Let’s understand how it works.
What is setting-off of losses?
Let’s say you made a profit from one source and a loss from another in the same financial year. Instead of paying tax on the full profit and ignoring the loss, you can adjust one against the other. This is called a set-off.
There are two types:
a) Intra-head set-off
This is adjusting losses and profits within the same head of income. For example, you made ₹30,000 profit in F&O trades but lost ₹10,000 in intraday trades. You’ll pay tax only on the net ₹20,000.
b) Inter-head set-off
This is adjusting losses across different heads of income, usually when you can’t fully adjust it within the same head.
For instance, you lost ₹40,000 in F&O trading, but earned ₹60,000 in rent. The loss is adjusted and you’ll pay tax only on ₹20,000.
Losses cannot be set off against salary income, lottery winnings, crypto income, or betting income.
What is carry-forward of losses?
Now let’s say your losses are more than your profits, and you couldn’t adjust them fully this year. In this case, you can carry forward the remaining losses and adjust them against eligible income in future years.
Say in FY 2024-25, you had a ₹2,00,000 loss from F&O trades and earned ₹50,000 from your consulting business. You can set-off ₹50,000 this year.
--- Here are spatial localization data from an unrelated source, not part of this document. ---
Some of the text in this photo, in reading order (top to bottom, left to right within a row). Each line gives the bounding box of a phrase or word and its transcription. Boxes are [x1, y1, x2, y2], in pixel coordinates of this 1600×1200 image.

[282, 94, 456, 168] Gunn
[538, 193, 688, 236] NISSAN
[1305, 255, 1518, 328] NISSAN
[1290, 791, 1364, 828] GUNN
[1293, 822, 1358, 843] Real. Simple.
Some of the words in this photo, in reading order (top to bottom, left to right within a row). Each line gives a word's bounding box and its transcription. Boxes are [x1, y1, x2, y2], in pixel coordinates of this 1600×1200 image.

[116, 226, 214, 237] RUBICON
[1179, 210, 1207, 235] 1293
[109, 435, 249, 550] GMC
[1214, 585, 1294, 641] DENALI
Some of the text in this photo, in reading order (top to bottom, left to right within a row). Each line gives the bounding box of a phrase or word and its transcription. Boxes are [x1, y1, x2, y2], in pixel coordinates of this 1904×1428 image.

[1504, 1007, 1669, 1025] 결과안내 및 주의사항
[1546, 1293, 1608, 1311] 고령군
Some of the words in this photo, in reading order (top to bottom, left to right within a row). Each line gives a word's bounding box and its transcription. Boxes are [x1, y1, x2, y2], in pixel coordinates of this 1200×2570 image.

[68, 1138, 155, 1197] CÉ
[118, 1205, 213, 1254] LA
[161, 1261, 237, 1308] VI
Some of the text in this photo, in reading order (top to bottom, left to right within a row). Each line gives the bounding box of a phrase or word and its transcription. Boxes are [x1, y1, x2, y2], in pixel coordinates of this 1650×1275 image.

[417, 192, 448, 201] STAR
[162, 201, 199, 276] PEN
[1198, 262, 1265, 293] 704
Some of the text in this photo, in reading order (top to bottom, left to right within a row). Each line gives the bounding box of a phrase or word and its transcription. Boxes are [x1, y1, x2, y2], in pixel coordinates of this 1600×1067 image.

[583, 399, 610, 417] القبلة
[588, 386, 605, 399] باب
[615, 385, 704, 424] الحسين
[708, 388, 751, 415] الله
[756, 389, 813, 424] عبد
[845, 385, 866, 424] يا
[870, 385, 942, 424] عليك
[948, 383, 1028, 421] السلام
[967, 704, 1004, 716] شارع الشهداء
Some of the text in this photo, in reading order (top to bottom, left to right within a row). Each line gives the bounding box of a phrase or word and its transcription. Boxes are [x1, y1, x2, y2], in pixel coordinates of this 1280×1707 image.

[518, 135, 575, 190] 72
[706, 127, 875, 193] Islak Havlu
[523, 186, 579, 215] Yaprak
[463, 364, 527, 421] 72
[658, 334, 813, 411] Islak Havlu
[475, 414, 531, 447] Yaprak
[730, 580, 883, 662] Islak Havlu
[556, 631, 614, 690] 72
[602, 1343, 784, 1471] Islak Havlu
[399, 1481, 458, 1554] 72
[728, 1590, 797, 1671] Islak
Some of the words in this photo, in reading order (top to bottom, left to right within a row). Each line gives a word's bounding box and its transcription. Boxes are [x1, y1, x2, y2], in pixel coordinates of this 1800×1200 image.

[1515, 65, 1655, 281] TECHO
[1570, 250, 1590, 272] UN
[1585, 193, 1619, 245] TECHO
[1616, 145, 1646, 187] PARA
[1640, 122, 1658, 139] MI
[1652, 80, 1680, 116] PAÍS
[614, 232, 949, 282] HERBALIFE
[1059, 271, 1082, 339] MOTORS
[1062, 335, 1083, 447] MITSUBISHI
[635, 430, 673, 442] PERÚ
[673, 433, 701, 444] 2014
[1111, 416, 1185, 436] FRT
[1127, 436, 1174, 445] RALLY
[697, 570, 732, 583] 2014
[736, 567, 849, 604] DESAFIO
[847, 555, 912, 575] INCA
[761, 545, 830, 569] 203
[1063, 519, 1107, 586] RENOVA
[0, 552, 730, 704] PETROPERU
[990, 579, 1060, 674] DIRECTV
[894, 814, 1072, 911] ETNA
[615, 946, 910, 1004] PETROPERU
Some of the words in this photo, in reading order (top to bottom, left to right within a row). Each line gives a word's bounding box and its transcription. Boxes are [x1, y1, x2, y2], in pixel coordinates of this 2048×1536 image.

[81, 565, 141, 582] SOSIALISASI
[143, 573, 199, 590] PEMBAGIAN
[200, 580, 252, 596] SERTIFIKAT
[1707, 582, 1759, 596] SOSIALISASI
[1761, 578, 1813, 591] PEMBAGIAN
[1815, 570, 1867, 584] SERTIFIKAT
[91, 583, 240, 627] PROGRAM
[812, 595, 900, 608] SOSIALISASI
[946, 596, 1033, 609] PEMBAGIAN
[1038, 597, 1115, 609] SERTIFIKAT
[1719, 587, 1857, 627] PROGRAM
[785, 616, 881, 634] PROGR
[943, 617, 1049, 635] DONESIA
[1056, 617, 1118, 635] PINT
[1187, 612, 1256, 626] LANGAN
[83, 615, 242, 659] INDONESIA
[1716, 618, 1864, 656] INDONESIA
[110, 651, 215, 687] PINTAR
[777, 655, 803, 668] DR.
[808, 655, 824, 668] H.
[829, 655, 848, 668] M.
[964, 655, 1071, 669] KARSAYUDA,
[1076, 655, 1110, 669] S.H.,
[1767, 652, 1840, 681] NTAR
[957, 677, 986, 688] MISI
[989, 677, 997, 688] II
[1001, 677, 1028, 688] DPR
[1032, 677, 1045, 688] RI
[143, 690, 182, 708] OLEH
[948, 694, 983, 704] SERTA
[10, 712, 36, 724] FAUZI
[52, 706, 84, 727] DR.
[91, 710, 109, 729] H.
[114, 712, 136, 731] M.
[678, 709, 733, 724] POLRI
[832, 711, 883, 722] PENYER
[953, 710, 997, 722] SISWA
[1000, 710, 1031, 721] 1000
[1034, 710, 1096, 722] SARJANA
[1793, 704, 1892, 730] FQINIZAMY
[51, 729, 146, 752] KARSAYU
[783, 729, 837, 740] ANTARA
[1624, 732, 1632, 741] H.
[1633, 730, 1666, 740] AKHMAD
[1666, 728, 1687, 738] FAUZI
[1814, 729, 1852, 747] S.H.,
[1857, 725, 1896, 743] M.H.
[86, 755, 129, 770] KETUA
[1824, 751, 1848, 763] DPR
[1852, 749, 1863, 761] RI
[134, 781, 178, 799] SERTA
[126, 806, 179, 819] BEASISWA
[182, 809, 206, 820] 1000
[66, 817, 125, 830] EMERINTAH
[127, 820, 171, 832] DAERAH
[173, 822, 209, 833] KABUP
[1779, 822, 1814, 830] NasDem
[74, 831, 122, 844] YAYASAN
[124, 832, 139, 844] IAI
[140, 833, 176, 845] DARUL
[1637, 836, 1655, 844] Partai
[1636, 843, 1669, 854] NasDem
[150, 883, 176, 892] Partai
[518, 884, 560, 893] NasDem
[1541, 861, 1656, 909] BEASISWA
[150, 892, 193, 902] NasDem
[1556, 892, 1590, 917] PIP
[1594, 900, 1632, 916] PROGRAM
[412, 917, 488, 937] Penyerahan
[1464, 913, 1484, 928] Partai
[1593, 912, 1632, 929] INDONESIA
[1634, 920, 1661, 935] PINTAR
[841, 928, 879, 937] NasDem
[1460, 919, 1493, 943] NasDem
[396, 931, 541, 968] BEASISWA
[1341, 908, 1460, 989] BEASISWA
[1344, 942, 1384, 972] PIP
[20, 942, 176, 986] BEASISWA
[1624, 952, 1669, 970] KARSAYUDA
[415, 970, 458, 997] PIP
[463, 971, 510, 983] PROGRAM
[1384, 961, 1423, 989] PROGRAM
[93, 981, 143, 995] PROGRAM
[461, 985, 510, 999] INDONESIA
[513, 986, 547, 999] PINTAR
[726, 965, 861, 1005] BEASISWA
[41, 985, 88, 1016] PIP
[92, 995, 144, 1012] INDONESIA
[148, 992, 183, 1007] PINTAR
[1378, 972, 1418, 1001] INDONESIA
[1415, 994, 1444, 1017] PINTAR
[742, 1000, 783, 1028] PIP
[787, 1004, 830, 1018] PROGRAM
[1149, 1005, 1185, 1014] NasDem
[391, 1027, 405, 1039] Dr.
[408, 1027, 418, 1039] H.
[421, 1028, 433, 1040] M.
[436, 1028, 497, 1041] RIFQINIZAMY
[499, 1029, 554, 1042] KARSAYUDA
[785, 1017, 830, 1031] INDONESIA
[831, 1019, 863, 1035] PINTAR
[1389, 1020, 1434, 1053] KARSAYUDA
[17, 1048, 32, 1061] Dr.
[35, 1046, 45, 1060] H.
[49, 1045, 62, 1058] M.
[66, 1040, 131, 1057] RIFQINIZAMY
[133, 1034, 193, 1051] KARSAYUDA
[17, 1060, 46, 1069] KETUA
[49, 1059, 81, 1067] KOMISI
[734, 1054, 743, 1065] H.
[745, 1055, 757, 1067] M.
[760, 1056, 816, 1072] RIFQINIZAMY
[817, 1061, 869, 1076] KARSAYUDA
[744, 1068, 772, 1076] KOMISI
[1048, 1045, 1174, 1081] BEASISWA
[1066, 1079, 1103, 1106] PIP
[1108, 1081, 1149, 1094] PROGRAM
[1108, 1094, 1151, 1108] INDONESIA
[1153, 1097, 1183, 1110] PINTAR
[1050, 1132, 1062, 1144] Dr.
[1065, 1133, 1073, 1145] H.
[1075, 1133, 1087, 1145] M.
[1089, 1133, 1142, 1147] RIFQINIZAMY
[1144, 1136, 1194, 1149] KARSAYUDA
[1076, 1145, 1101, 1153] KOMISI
The remaining ₹1,50,000 can be carried forward and adjusted against business income in the coming years.
Carry forward is only allowed if you file your ITR before the due date.
Rules for set off and carry forward of losses
Different types of losses have different rules — not just for what you can set off, but for how long you can carry them forward.
Loss type | Current year loss adjustment | Brought-forward loss adjustment | Carry-forward duration |
---|---|---|---|
Speculative business loss (intraday) | Intraday profits | Intraday profits | 4 years |
Non-speculative business loss (F&O) | Any income except salary | Any business income | 8 years |
Long-term capital loss | Long-term capital gains | Long-term capital gains | 8 years |
Short-term capital loss | Both short-term and long-term gains | Both short-term and long-term gains | 8 years |
- Speculative losses (intraday) can be carried forward for 4 years and set off only against speculative gains.
- Non-speculative losses (F&O) can be carried forward for 8 years and set off against any other income (except salary) in the same year.
- Long-term capital loss can only be adjusted against long-term capital gains, whether in the same year or future years.
- Short-term capital loss can be adjusted against both short-term and long-term gains.
You see, losses are a part of every investor’s journey. But with a little planning (and timely ITR filing), you can use them to save some taxes, today or a few years down the line.